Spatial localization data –
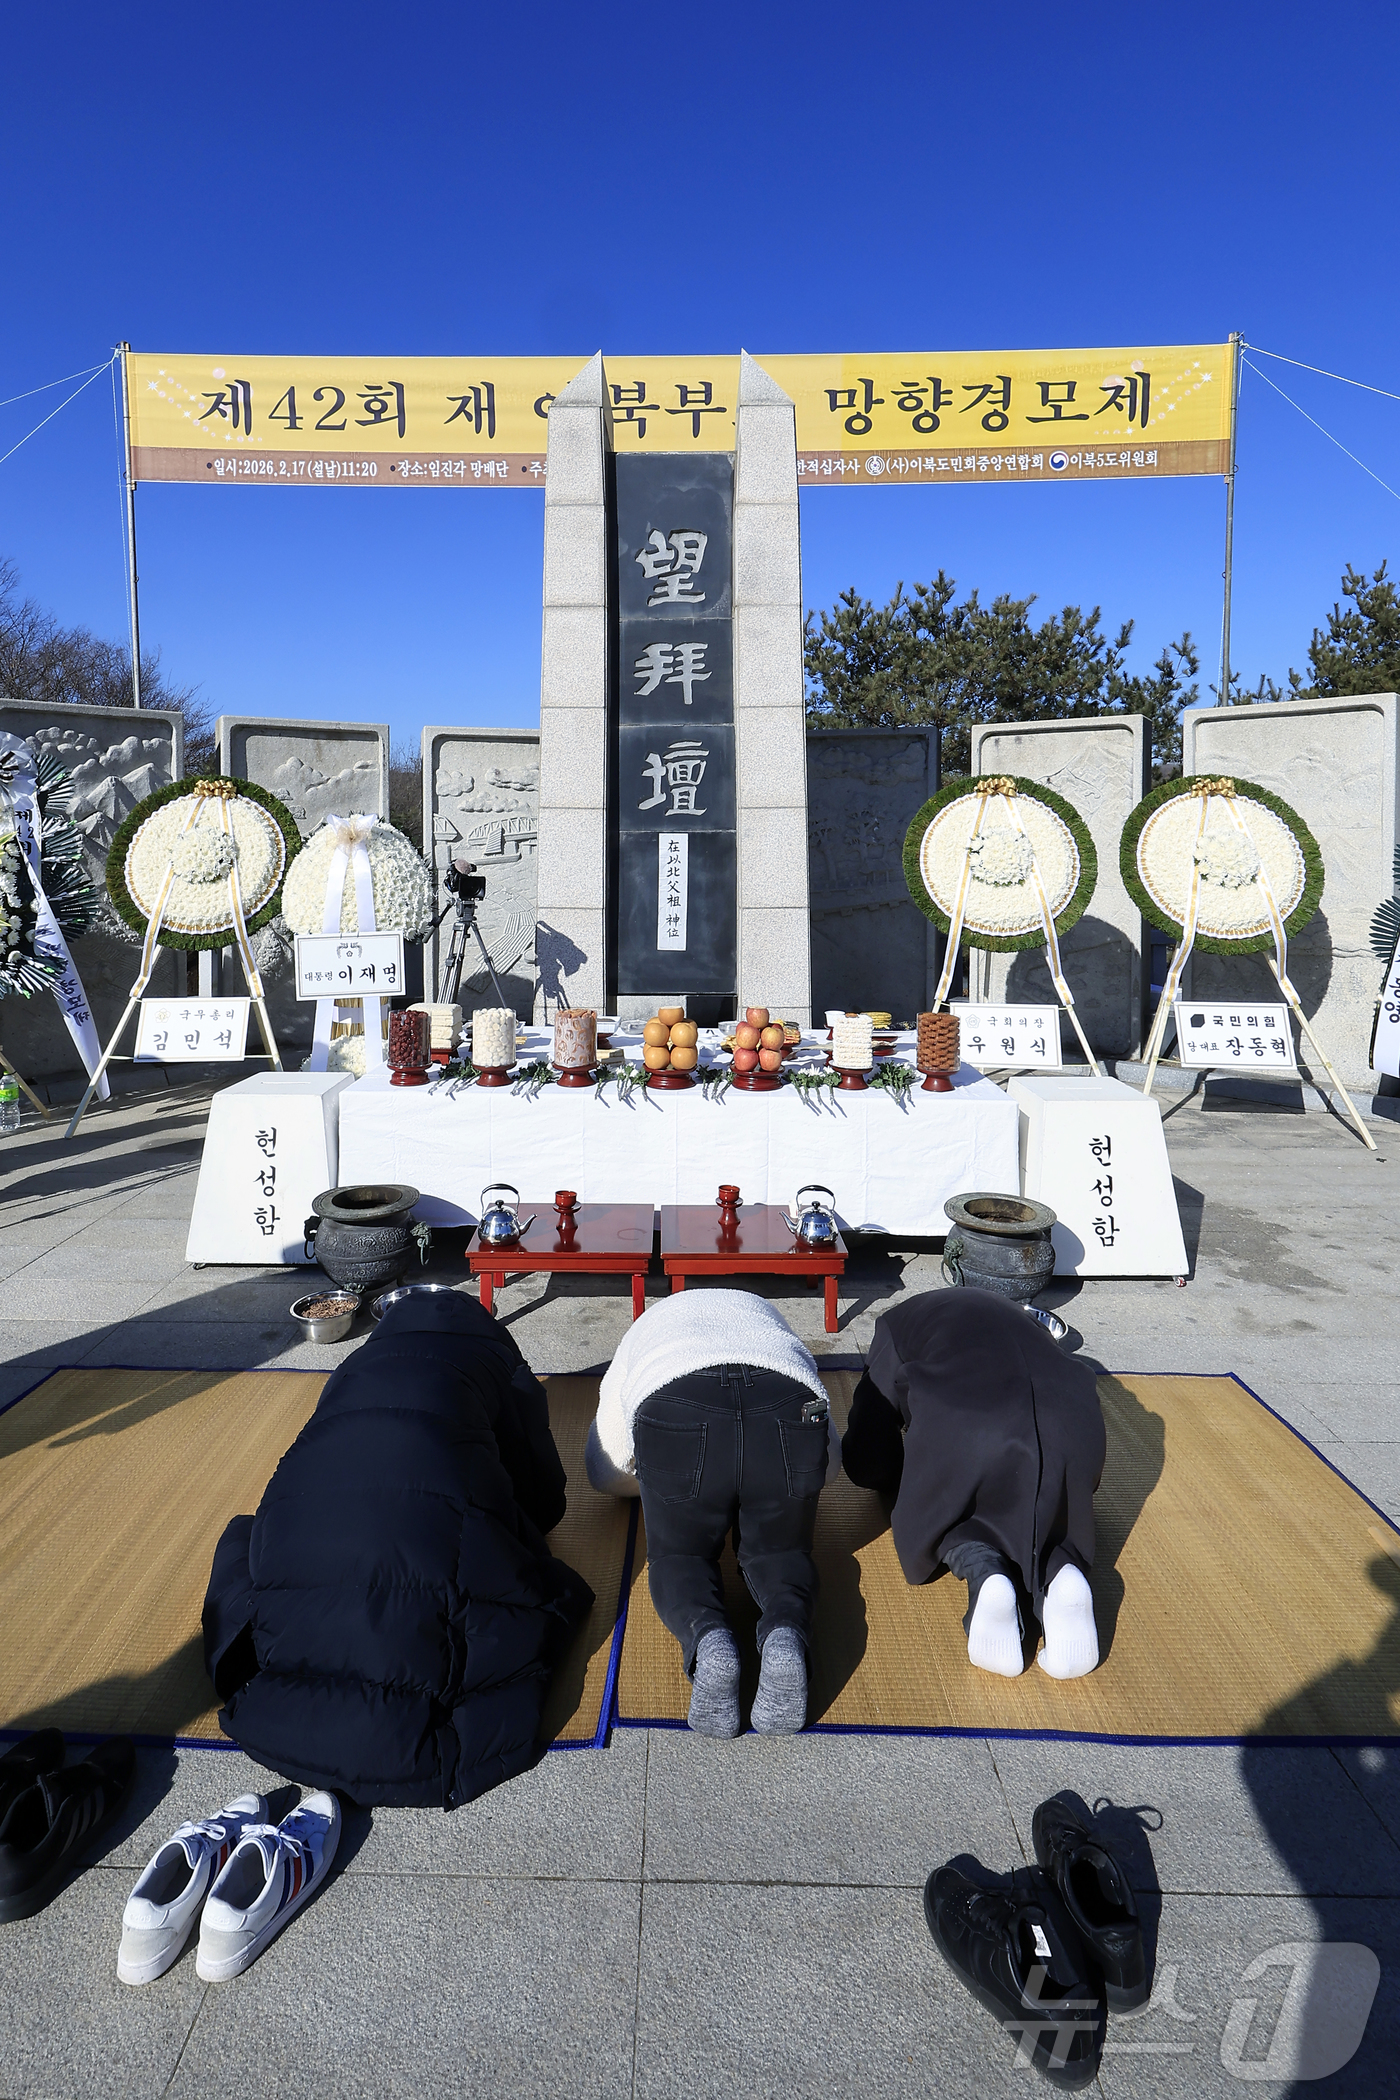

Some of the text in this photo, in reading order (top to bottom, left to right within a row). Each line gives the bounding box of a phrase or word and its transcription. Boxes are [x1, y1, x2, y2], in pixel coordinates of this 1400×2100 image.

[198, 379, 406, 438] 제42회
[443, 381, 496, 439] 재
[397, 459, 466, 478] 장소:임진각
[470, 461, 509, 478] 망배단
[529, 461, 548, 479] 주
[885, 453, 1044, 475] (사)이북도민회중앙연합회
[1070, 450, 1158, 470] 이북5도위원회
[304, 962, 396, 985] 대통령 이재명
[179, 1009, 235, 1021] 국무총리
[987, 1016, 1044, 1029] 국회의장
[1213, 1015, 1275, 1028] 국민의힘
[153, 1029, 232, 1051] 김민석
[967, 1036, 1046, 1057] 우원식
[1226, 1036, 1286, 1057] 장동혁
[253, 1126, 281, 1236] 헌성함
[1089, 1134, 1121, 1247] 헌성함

EXERCISE DIRECTIONS – The answer should consist of all the records, duplicated exactly, with no images included.

EXERCISE ANSWER –
Some of the text in this photo, in reading order (top to bottom, left to right within a row). Each line gives the bounding box of a phrase or word and its transcription. Boxes are [x1, y1, x2, y2], in pixel coordinates of this 1400×2100 image.

[198, 379, 406, 438] 제42회
[443, 381, 496, 439] 재
[397, 459, 466, 478] 장소:임진각
[470, 461, 509, 478] 망배단
[529, 461, 548, 479] 주
[885, 453, 1044, 475] (사)이북도민회중앙연합회
[1070, 450, 1158, 470] 이북5도위원회
[304, 962, 396, 985] 대통령 이재명
[179, 1009, 235, 1021] 국무총리
[987, 1016, 1044, 1029] 국회의장
[1213, 1015, 1275, 1028] 국민의힘
[153, 1029, 232, 1051] 김민석
[967, 1036, 1046, 1057] 우원식
[1226, 1036, 1286, 1057] 장동혁
[253, 1126, 281, 1236] 헌성함
[1089, 1134, 1121, 1247] 헌성함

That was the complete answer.